Once Mrs. Connolly and Clare had gone back to their tasks, John became excruciatingly aware of his body and the space it took up in that kitchen full of young women. As he pushed at the corners of the fried egg with a spatula, he realized that he was going to have to eat in here, that there was nowhere else for him to go. When the egg was done, he slid it onto a paper plate and turned around. Every surface was covered—in scones, butter, jam, teacups, milk jugs, sandwiches, dirty plates and bowls, heaps of tea towels and forks; there was nothing to do but eat standing by the range. He slid a fork out from one of the piles and took a bite. Girls turned around from time to time to get a look at him. When he had finished, he thanked Clare, who was given no time to answer, and was out the door.
Philip
The night before the opening, Philip dreamt, as he had the morning of the move, of Dulough during the ice age, of the valley swathed in snow, of the ice pushing down and gouging out the earth, pulling it towards the sea. There were things stuck in the glacier: boulders, their car, the big house itself. When he looked in the windows, he could see that there were people inside, gazing out at the frozen world.

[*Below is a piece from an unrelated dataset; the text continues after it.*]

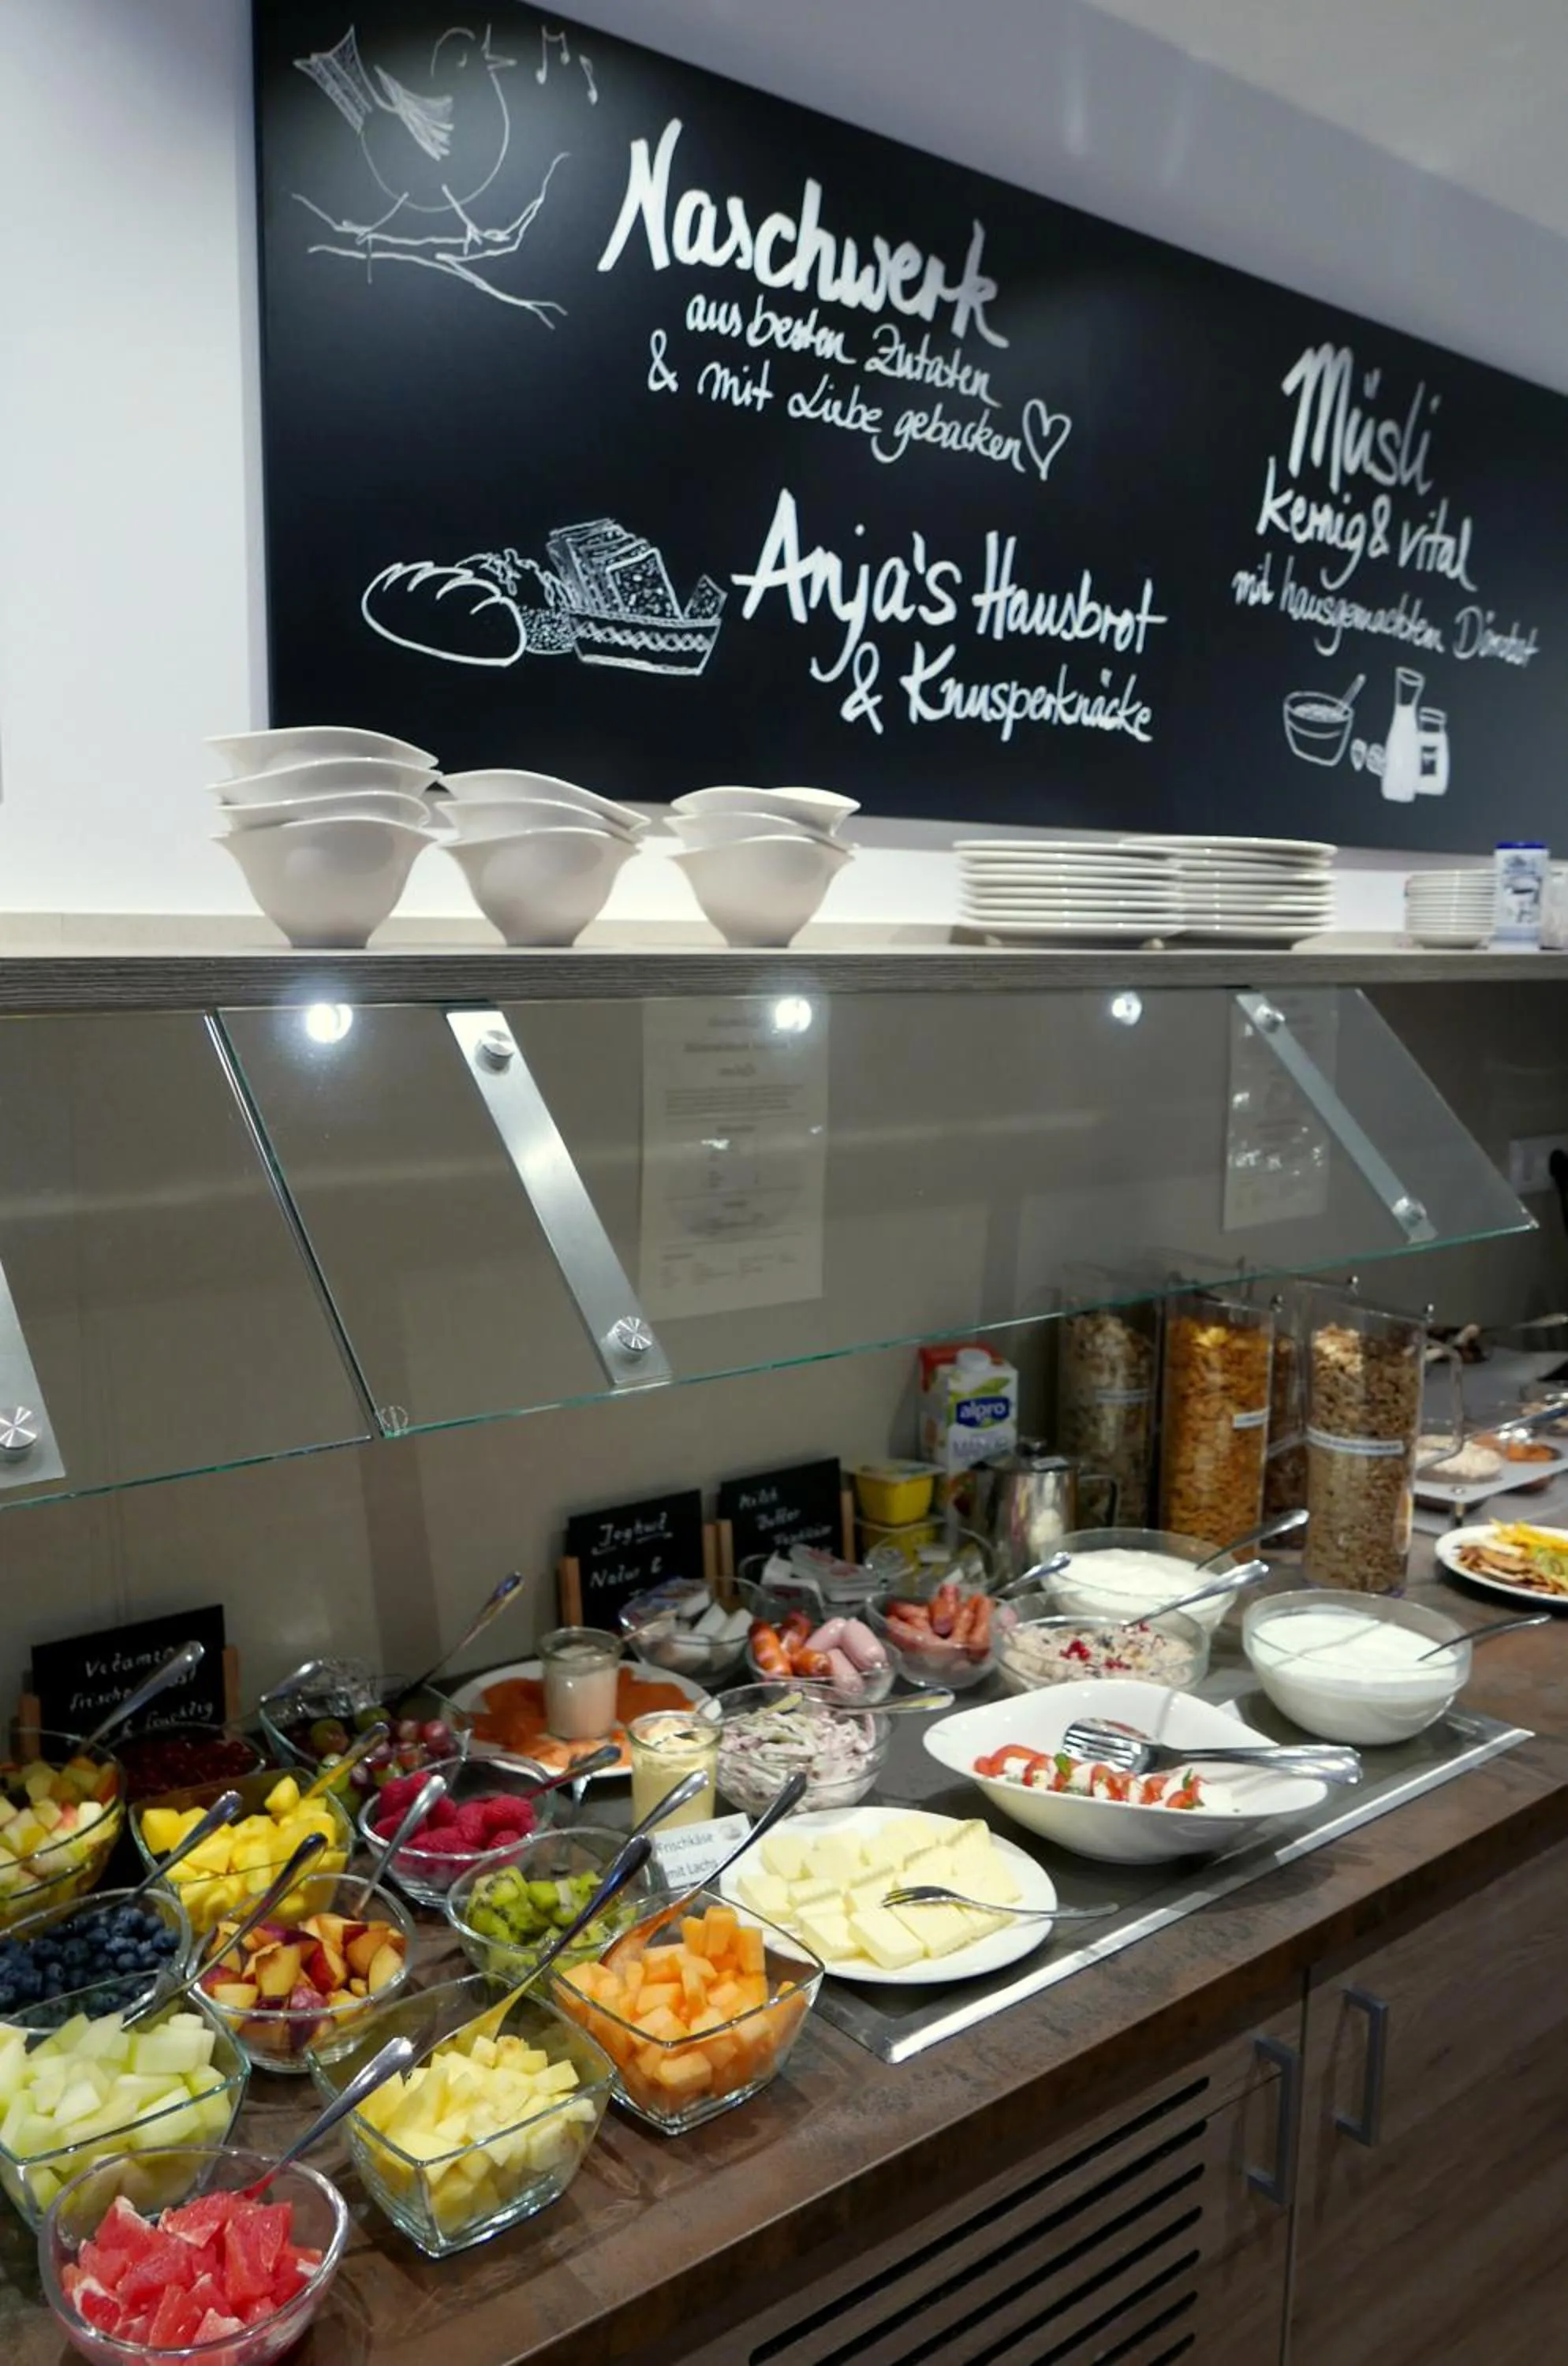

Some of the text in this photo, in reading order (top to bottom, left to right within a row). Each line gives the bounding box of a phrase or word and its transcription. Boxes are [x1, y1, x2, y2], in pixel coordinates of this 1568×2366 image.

When he finally woke, the memory of his dream was so real that he felt heavy, as if his limbs, too, were encased in ice. He fought to remember where he was. Opening his eyes, he could see that his mother had left out his good clothes on the chair by the door. She had been in his room while he slept; he didn’t like that. He thought of how the men had taken his bed. The visitors were to arrive today, and, though he knew that technically they weren’t allowed in the cottage, he was worried that they might come into his new bedroom anyway. When he got up, the air was damp and cold, as if the mist had invaded the house.
On the avenue, big drops slipped from rhododendron leaves into puddles. Philip saw Francis high up in the vall
ey. He hadn’t said much about opening Dulough to the visitors, and he was the sole adult who wasn’t throwing all his energy into the preparations. His only reaction had been to erect a new deer fence around the house. Philip had seen him talking to the workmen from Dublin one day, showing them how to get a fence post into land that was lined with rock. When Francis turned and walked back off to his shed, one of the men gave him a mock salute. Francis couldn’t have seen it, but Philip noticed that he didn’t have much to do with them after that.

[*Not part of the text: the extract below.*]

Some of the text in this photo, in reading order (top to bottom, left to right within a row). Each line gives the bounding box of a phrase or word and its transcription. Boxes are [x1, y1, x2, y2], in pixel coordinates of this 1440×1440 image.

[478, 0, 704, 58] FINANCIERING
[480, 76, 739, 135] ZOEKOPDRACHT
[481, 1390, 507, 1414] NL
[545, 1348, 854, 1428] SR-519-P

The front door of the big house stood open and a red ribbon hung in the frame. Philip went to the porch and peered inside. Lights on metal stands blazed into the hall. It was an utterly different place; the chessboard tiles on the floor shone, and shadows—of the sideboard, the hat stand, and the telephone table—fell in new ways. Though every corner of the once dark room had been illuminated, the light somehow made it less real, as if they were in a film. Philip had the sensation of knowing the room well and not knowing it at all.
In the drawing room, thick blue ropes hung from brass stands, which stood in a row, like sentries, down the middle of the carpet. Plastic matting covered the floor on the near side of the ropes, and on the far side, a sofa and chairs that Philip didn’t recognize had been arranged into a fireplace scene. A book lay open on a side table. Philip unhooked the ropes and went to get a better look; it was the one with Francis as the fisherman: The Collected Works of W. B. Yeats. It was a faded, battered green, with gold lettering. He wished he’d thought to protect it on the day of the move. He scanned the shelves for another that looked like it; the only one he could find was a book about how to identify species of rare trees. Picking up the Yeats and slipping it into his pocket, he put the new one facedown on the table and opened the door as quietly as he could.